The excellent briefing from Hestia talks about the inconsistent, even haphazard, way clinical commissioning groups deal with their waiting lists. There is no guidance for them on how to handle those fleeing domestic abuse, stalking and coercive control, but there is NHS guidance for CCGs on how to help members of the Armed Forces and their families. The Armed Forces covenant ensures “fair access to treatment” and protects servicepeople’s waiting list position if they are redeployed and the family moves home to a new area. There is also guidance for schools in picking up any special educational needs of forces children, without the need to reassess them from the start. To the noble Lord, Lord Rooker, and the noble Baroness, Lady Finlay, I say that this does not just work elsewhere in the United Kingdom, it works when families are moved abroad as well.
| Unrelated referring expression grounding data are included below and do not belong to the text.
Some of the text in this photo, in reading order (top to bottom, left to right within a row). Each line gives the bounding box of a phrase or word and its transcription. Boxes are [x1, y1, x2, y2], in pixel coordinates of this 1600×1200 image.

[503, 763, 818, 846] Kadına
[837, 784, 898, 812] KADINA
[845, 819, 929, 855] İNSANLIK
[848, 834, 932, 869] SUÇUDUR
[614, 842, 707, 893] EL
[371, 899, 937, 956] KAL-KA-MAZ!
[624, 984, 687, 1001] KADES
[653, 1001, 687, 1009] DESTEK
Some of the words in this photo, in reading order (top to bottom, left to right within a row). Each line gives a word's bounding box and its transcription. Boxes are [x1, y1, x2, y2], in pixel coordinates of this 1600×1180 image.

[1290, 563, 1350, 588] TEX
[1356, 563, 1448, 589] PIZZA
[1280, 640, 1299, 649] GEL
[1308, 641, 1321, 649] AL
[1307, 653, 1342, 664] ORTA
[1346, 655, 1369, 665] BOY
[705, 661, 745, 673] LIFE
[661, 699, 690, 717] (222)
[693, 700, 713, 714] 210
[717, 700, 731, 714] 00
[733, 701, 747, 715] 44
A similar principle could be applied to these children, recognising that domestic violence is not the same as simply moving home. The Bill recognises that these children are themselves victims of domestic abuse, and I ask the Minister to consider what action, such as the current NHS guidance used under the Armed Forces covenant, can be taken to ensure that change happens swiftly and that these children get the help they need wherever and whenever they are forced to move home.
Amendment 52, moved by the noble Baroness, Lady Burt of Solihull, would provide that NHS trusts must co-operate and work with the domestic abuse commissioner to ensure that when a child has to relocate due to being affected by domestic abuse, they can still
“receive any NHS treatment they had been referred for no later than if they had not moved.”
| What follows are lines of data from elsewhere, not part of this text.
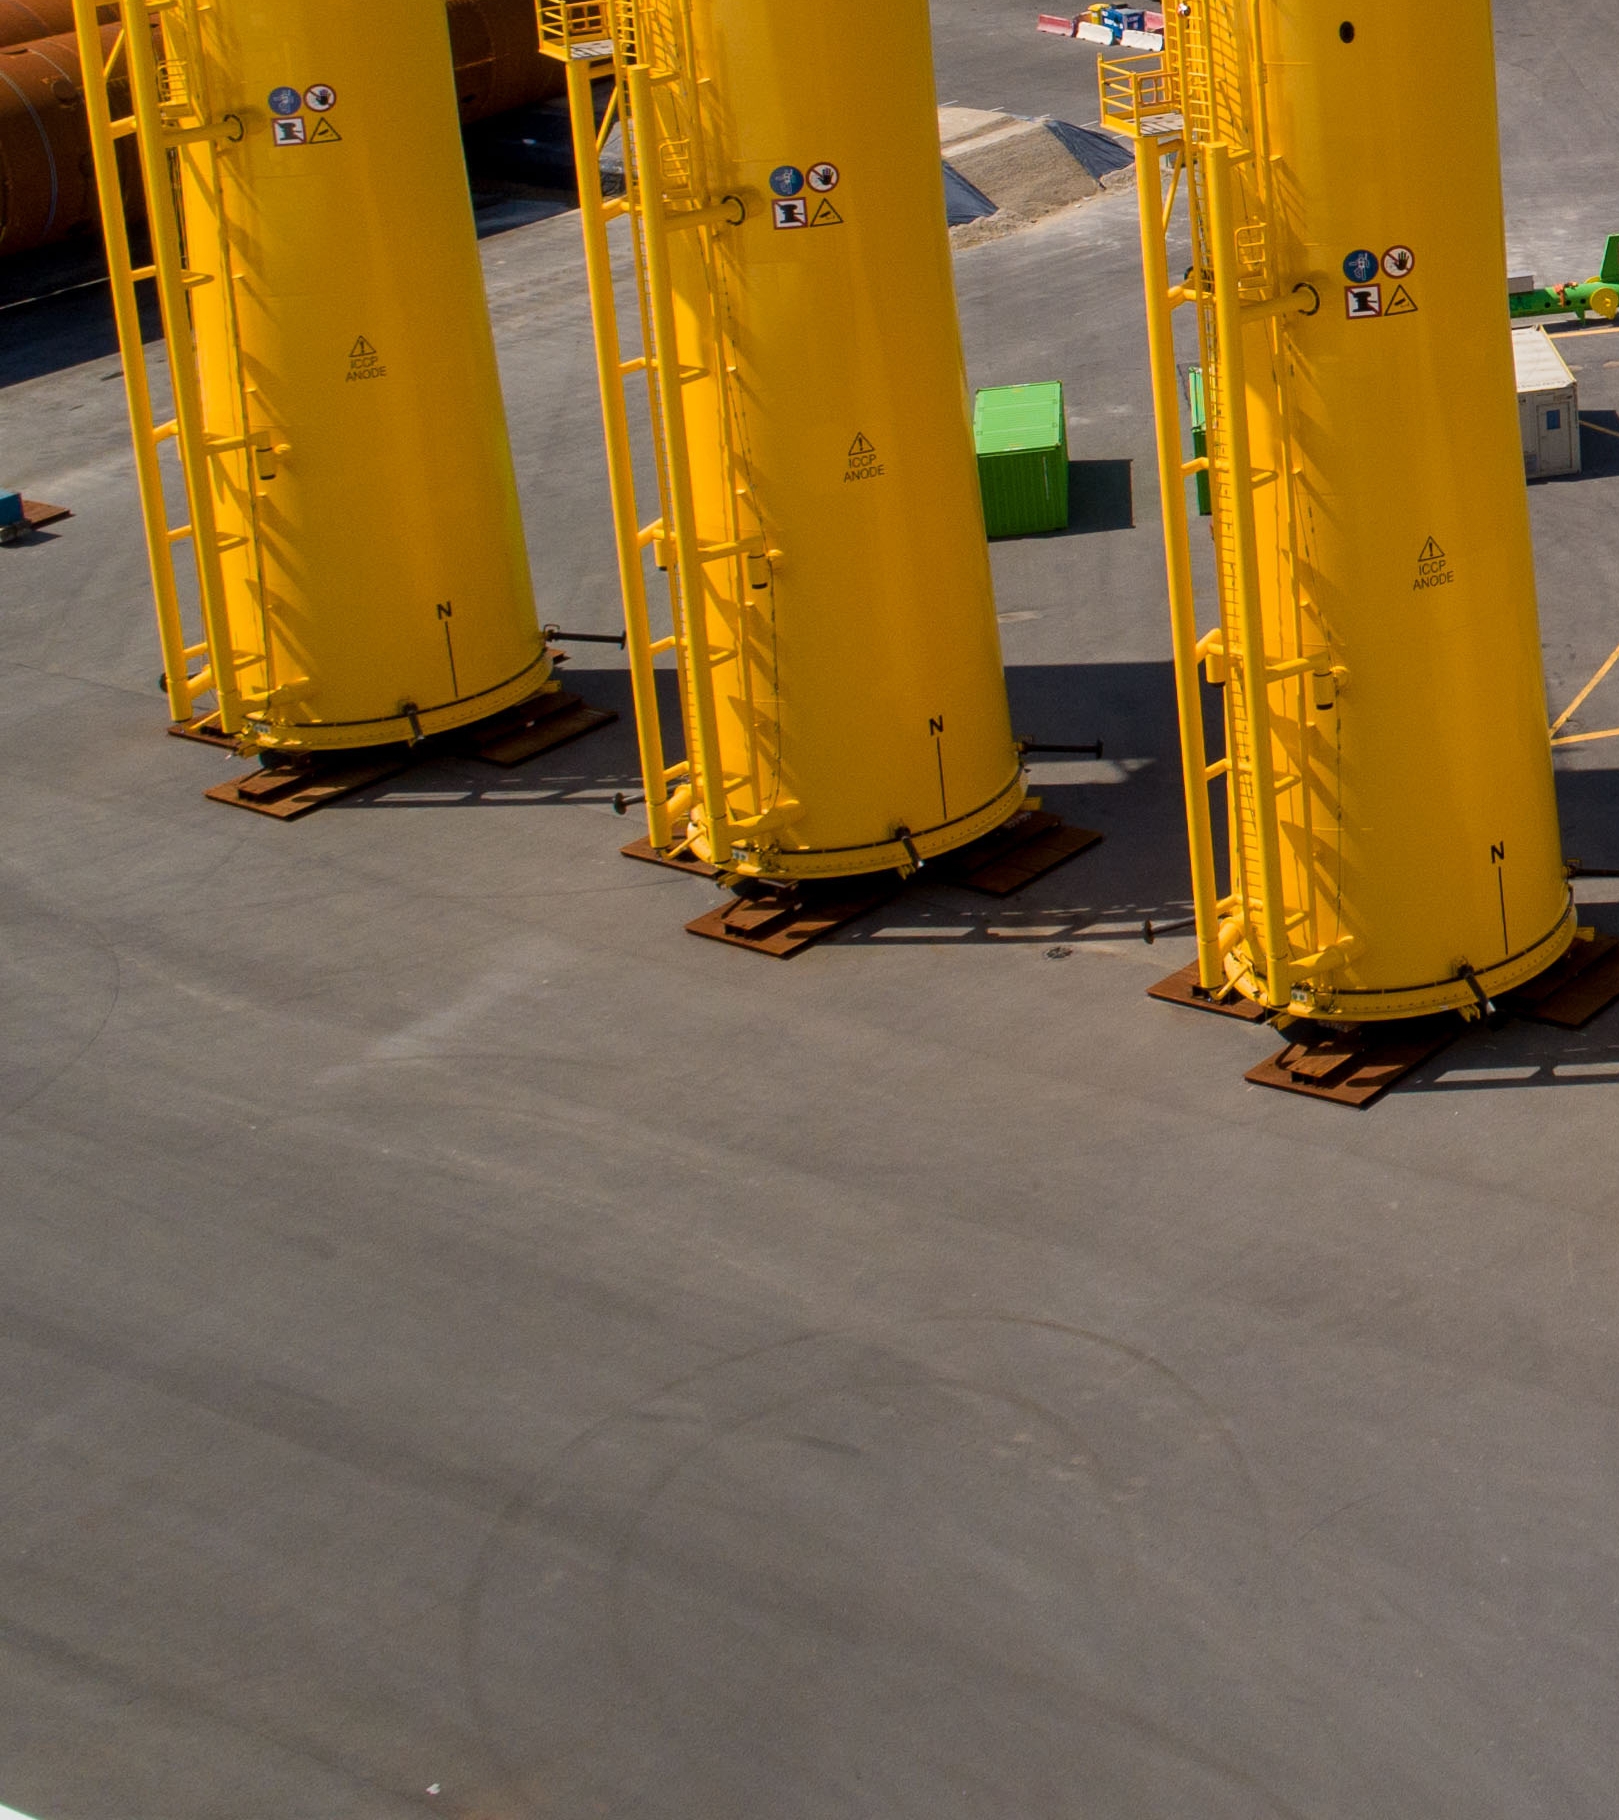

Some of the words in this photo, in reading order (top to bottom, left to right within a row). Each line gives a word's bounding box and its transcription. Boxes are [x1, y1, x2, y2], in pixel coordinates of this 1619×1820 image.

[350, 356, 378, 369] ICCP
[346, 366, 387, 383] ANODE
[849, 453, 877, 469] ICCP
[844, 464, 885, 483] ANODE
[1418, 560, 1446, 576] ICCP
[1413, 570, 1454, 591] ANODE
[437, 600, 452, 620] N
[929, 714, 944, 736] N
[1491, 840, 1505, 864] N
This issue was raised in an amendment by the shadow Minister in the Commons debates on the Bill, and we agree with its objectives. Children who are forced to relocate because of domestic abuse ought to be prioritised to the extent set out in this amendment because, as the evidence shows, they are vulnerable victims in need of urgent support.
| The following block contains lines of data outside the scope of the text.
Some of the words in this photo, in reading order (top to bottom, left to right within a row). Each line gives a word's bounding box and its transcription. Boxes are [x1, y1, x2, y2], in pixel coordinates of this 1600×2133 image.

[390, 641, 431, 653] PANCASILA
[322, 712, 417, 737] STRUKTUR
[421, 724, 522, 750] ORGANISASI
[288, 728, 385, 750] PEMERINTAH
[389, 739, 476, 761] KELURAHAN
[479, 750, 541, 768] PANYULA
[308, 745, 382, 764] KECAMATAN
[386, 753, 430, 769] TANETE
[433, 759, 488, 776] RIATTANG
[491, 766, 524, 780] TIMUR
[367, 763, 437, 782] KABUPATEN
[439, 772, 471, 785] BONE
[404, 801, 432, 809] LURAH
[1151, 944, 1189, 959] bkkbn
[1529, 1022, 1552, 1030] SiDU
However, in order to receive support from health professionals, children need a diagnosis, and the reality is that, at the moment, people can wait for considerable periods of time—up to 18 months or more—between referral and the start of an assessment. If a child is forced to move to a different NHS trust or clinical commissioning group, they may have to repeat that wait all over again. The cost of the long-term effects of exposure to severe domestic abuse is estimated at between £500 million and £1.4 billion per year, including on education and health services. Providing resources to children in the way and in the circumstances proposed in this amendment could help to reduce that figure.
The Government’s response in the Commons was that access to the NHS is based on clinical priority and that a child’s need to access and receive health services will be assessed and services provided according to clinical need. However, the difficulty is that, in the case of children forced to relocate because of domestic abuse, if the forced move is from one area where the wait following referral can be 18 months to two years to another area where the wait following referral is for a similar period, a clinician might not see that child for a lengthy period of time, literally years, and any decisions made are not being made by clinicians. There should be a way to prioritise the needs of a child who has been relocated because of domestic abuse and has already been on a waiting list somewhere, and that is what this amendment seeks to do.